The most recent example is from this past weekend, when we had ALL our company come at once. We had weeks upon weeks' worth of notice, and we've had our downstairs bathroom in need of repair since the day we moved in, but you know what seemed like a really good idea? Tackling this gargantuan project exactly one week before Joe's parents came to town! DUH! And exactly one week and 1 days before MY family came to town! Everyone knows projects don't go as planned, schedules get pushed back, a weekend projects turns into a month of weekends, but we were pretty sure we could still squeeze it into working order if we really pushed ourselves. So we did! We stayed up until midnight most nights for the entire week. This probably wouldn't be such a big deal, we'd just be extra tired, except that Joe got exposed to strep throat and with a SERIOUS lack of sleep his body and immune system were running on empty, so when he got sick he ended up getting sooooooooo sick. I've never seen him in such bad shape! By the time both our families came to town our house was not only in shambles from an unfinished basement bathroom, but Joe was nowhere to be seen - he was sleeping! He slept probably 14 hours a day for 3 days straight, and when he was awake he was thinking about going back to bed. Strep hit the day we were going to grout the tile, so since we couldn't grout we couldn't move the washer and dryer from their prominent positions in the family room, so you could hardly squeeze into the guest room, and the downstairs bathroom was DEFINITELY unusable since, without grout, we couldn't even replace the toilet. Joe's parents got to town first and were planning on staying at his grandma's house for the first few days of their visit, then come stay with us, but thanks to Joe's malady and the wreck of a basement, NOBODY ended up staying at our house... even though everyone was visiting us!
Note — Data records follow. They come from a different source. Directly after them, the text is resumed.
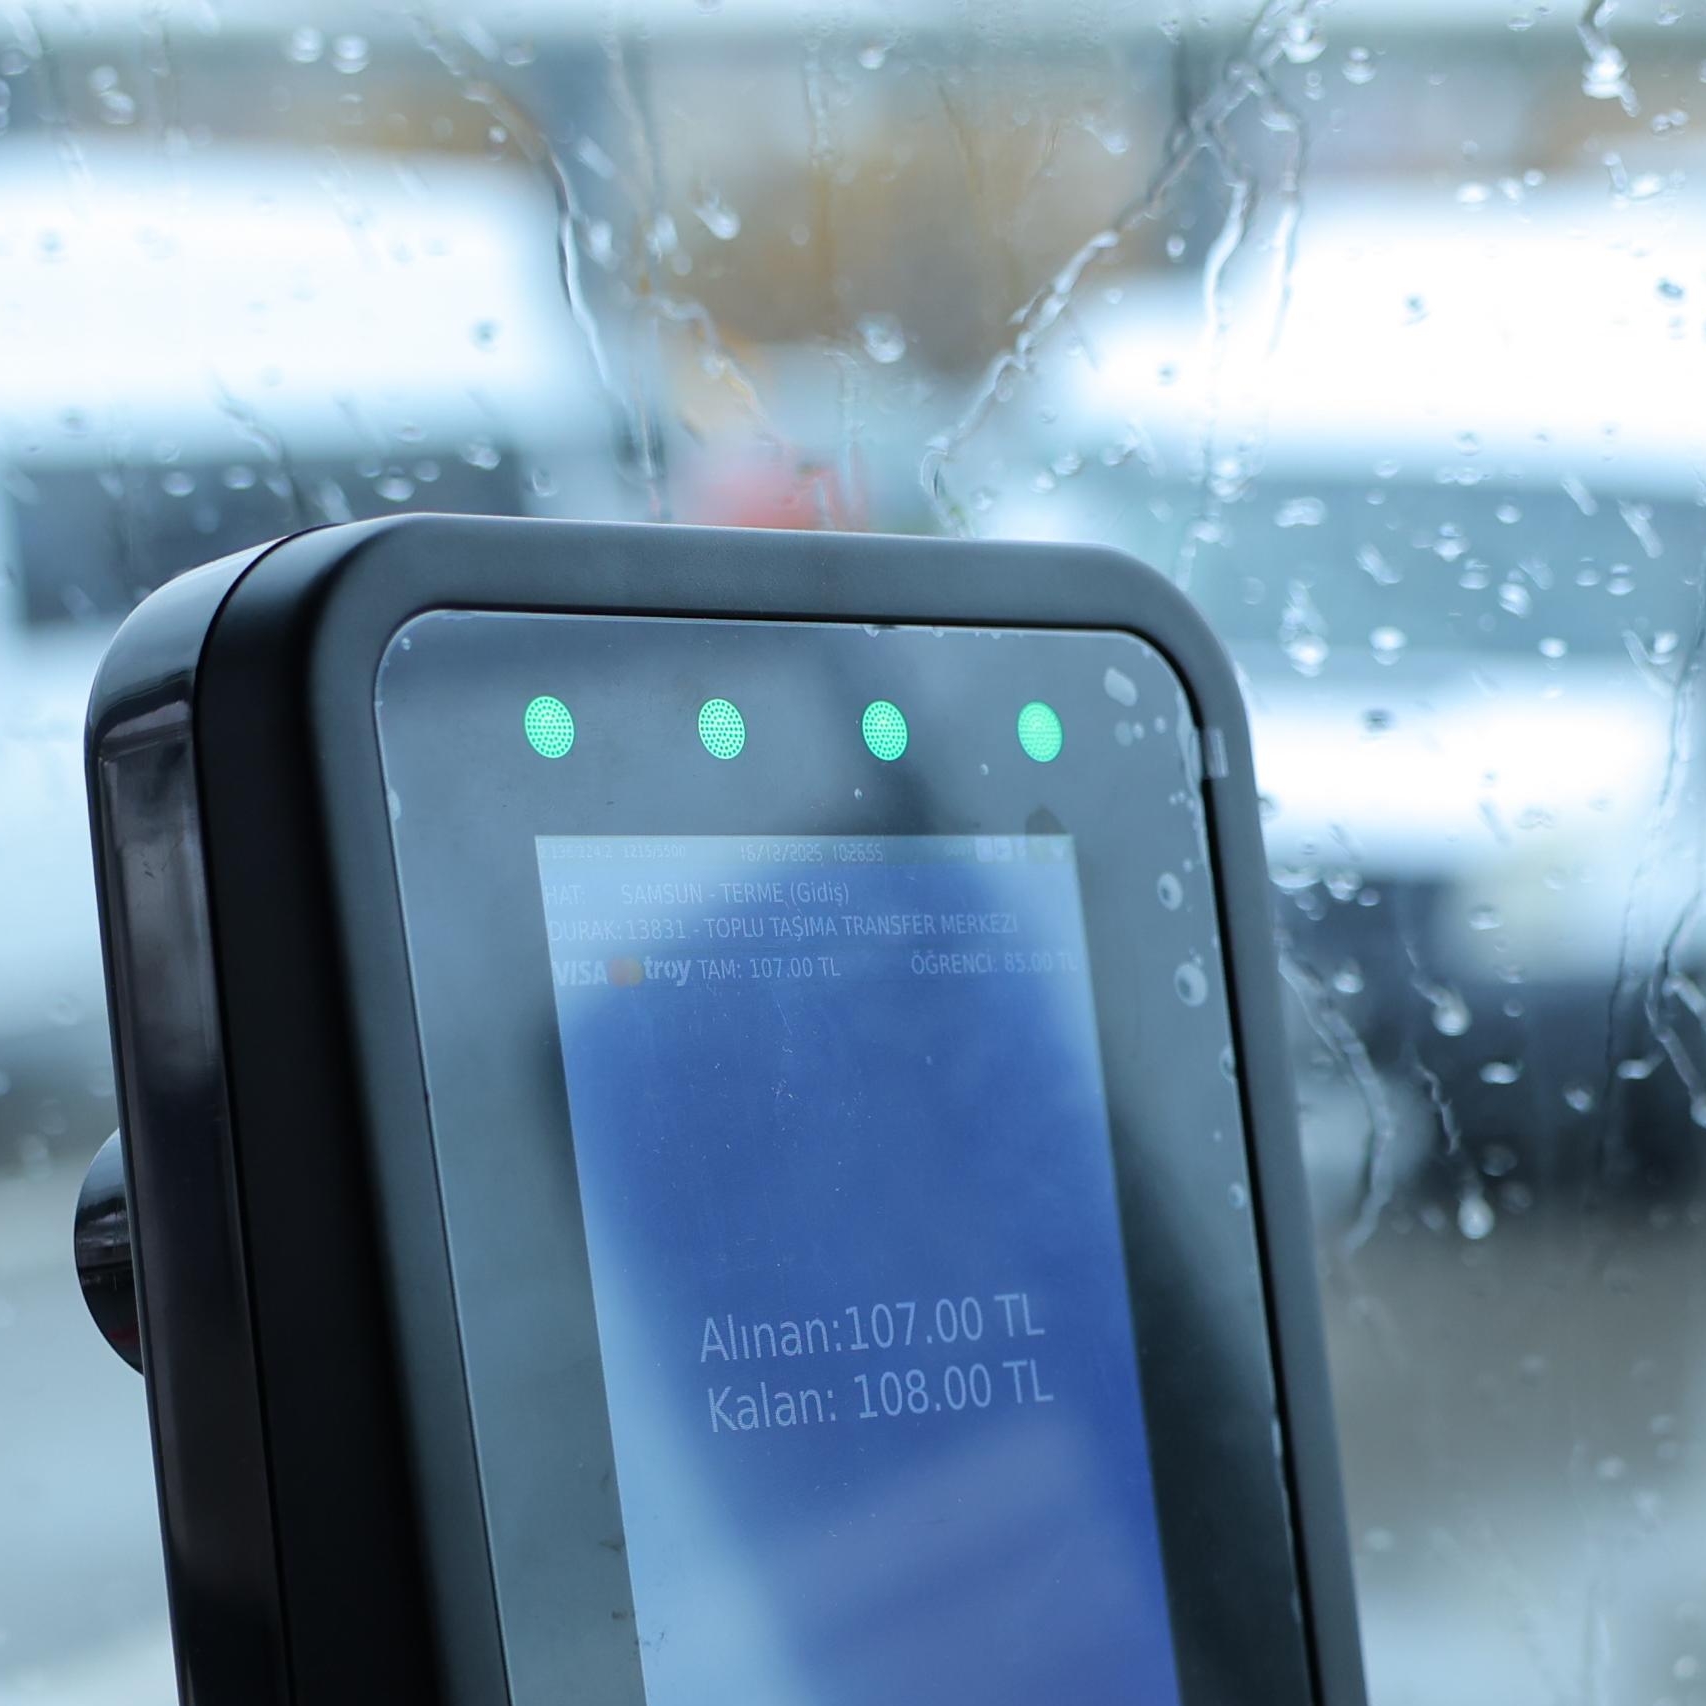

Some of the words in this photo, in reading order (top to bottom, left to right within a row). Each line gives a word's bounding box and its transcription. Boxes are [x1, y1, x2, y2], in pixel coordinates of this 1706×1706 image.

[544, 884, 586, 905] HAT:
[621, 882, 703, 905] SAMSUN
[719, 882, 785, 904] TERME
[789, 881, 850, 907] (Gidiş)
[548, 919, 623, 941] DURAK:
[628, 919, 688, 940] 13831
[703, 917, 765, 938] TOPLU
[840, 914, 937, 937] TRANSFER
[553, 958, 610, 986] VISA
[643, 956, 692, 986] troy
[697, 959, 742, 981] TAM:
[750, 957, 813, 979] 107.00
[818, 956, 842, 977] TL
[994, 1293, 1045, 1337] TL
[707, 1381, 836, 1433] Kalan:
[854, 1362, 992, 1419] 108.00
[1002, 1358, 1054, 1403] TL
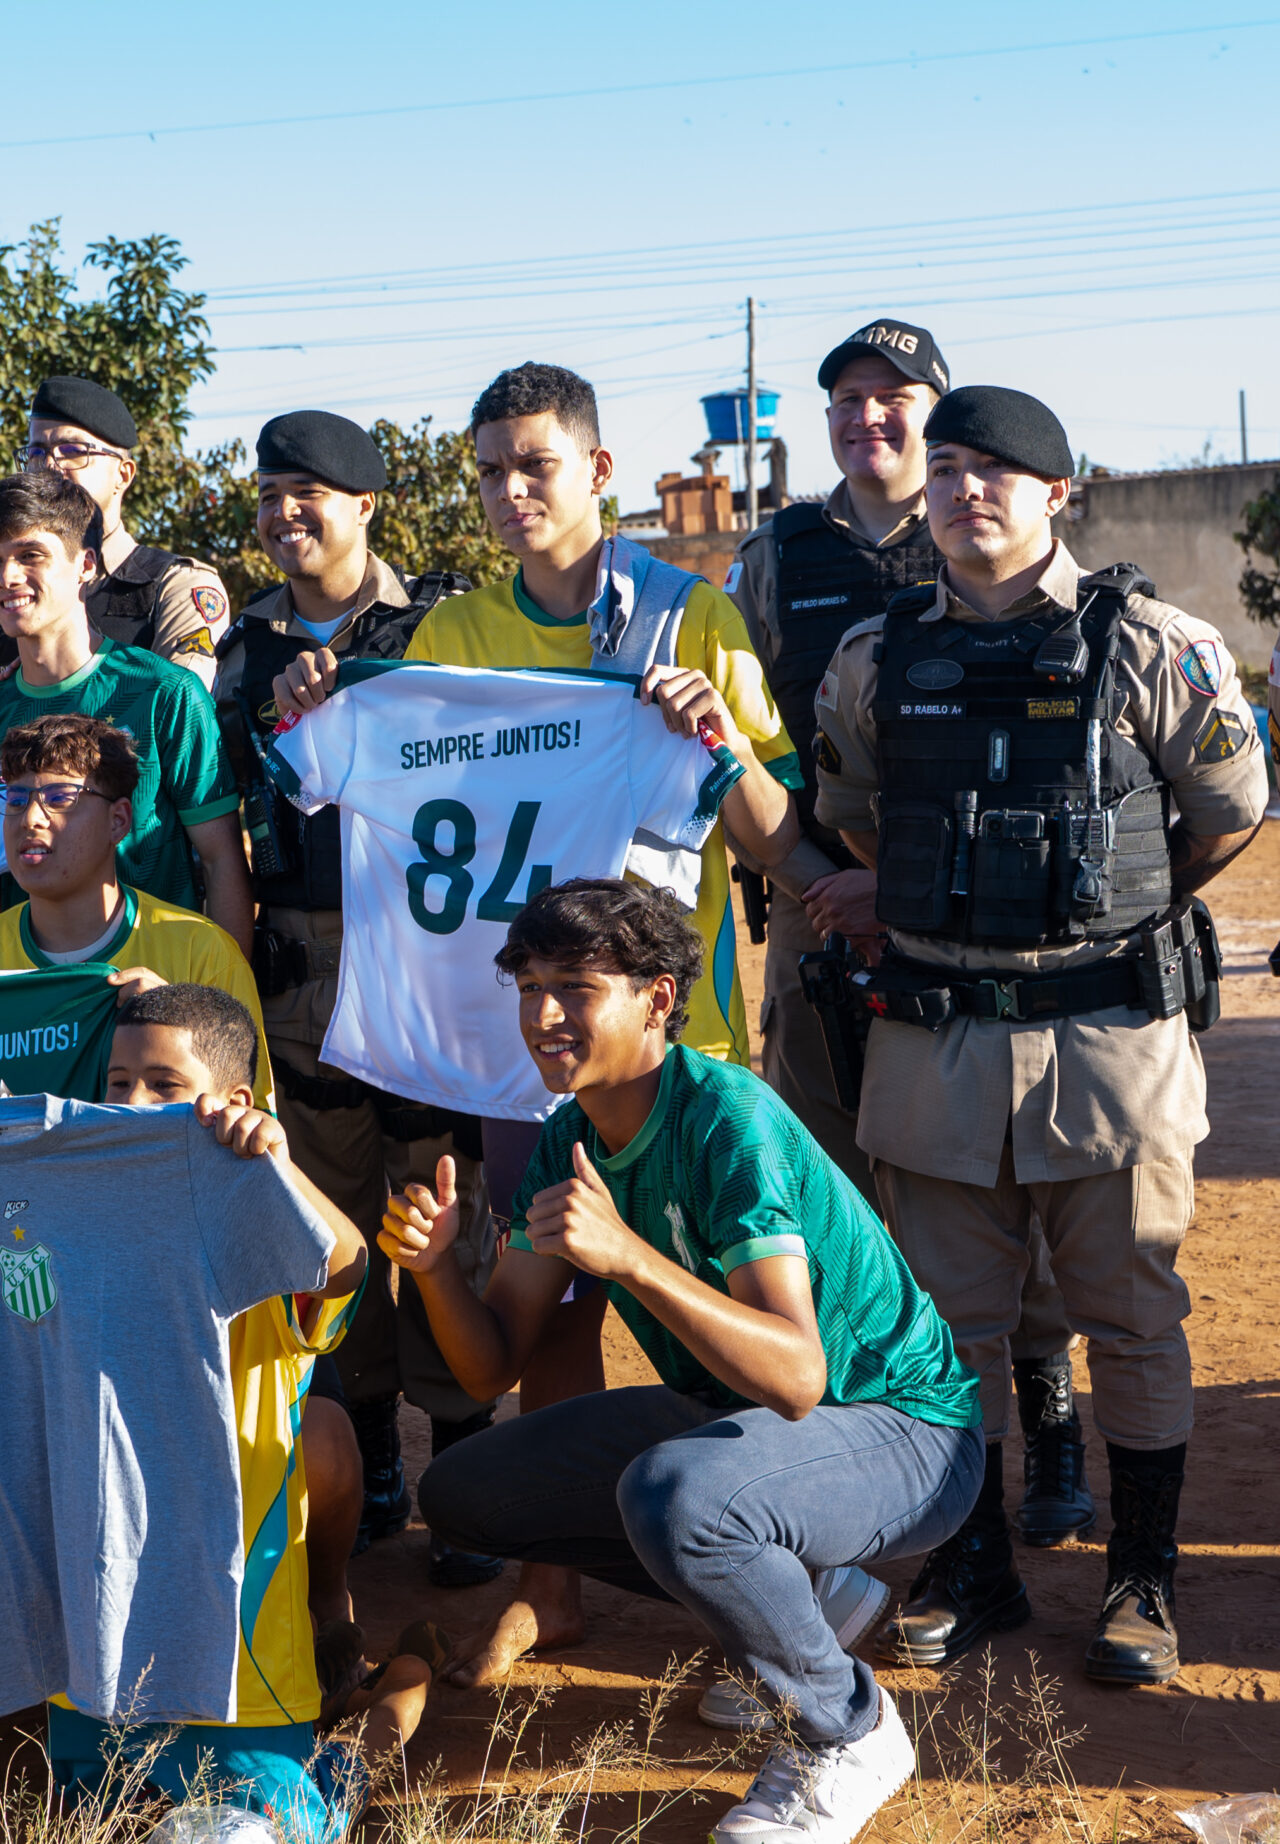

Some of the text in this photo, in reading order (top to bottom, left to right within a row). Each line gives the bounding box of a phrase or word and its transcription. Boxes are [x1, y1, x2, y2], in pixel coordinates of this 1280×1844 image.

[839, 326, 919, 355] MMG
[900, 704, 963, 714] SD RABELO A+
[1027, 707, 1075, 716] MILITAR
[400, 719, 581, 770] SEMPRE JUNTOS!
[405, 798, 553, 935] 84
[6, 1201, 27, 1211] KICK
Next time we have company coming I am going to force myself to sit on my hands or read a good book or update my blog so that I don't get all motivated to do something stupid. I think our company would have a much better time in an intact house with intact family members. Our apologies to everyone who visited, but we still had a really great time getting together and showing off our un-grouted bathroom/laundry room. Come again soon, we'll have it completed and you can even access the guest room if you want to stay the night :)

Friday, August 13, 2010

Dino's and big bro's

When Patrick was a baby everything was new and different and SPECIAL, oh so special! I was pretty sure he was the only baby who did what he did when he did it... not that he was advanced or anything, but it was always surprising to me when we'd hang out with similar age-babies and "hey, they can crawl now, too? Well, I suppose that makes sense..." Now that Eli's got 3/4 of a year under his belt I have had many opportunities to see very similar things at very similar ages and, looking back, I realize Patrick may not have been so completely unique after all. As the demotivator reminds us, "You are unique - just like everybody else." I certainly don't DISLIKE it, I think it's wonderful! And helpful! And fun! Knowing what to look forward to next, knowing better to enjoy it while it's here, and then having something to compare it to side-by side. Like these little videos of our boys at 9 months, roaring like dinosaurs. The difference with Eli is that we HAVE dinosaurs to play with and Patrick models how to use them, so the roaring seems less random. It's so nice to have a big brother to show you the ropes :)
Here is Patrick roaring at nothing in particular while we wait for the doctor.

Tuesday, August 10, 2010

Our house, in the middle of the steet

We really are in the middle of the street, so maybe that song applies to us... I'll have to actually listen to the lyrics next time...

But let's talk about my house. OK, I'll talk, you listen. Our house has done a lot of wonderful things for us - it shelters from the cold, wind, rain, or blazing sun, it keeps us warm in the winter and doesn't give us heat stroke in the summer (it doesn't keep us cool by any means, but that's an upcoming project, you can be sure). It gives our kids a place to play, and a big yard to run around in. It gives us lots of chores, but we try to make those as much like play as we can (I just need a little bit more of Mary Poppin's talent). It gives us space for our gardens, which will be replanted this fall since I missed out planting summer stuff this year. It gives us a safe place to sleep each night. What it's given Joe and I, though, that we are sort of ridiculously grateful for, is PROJECTS.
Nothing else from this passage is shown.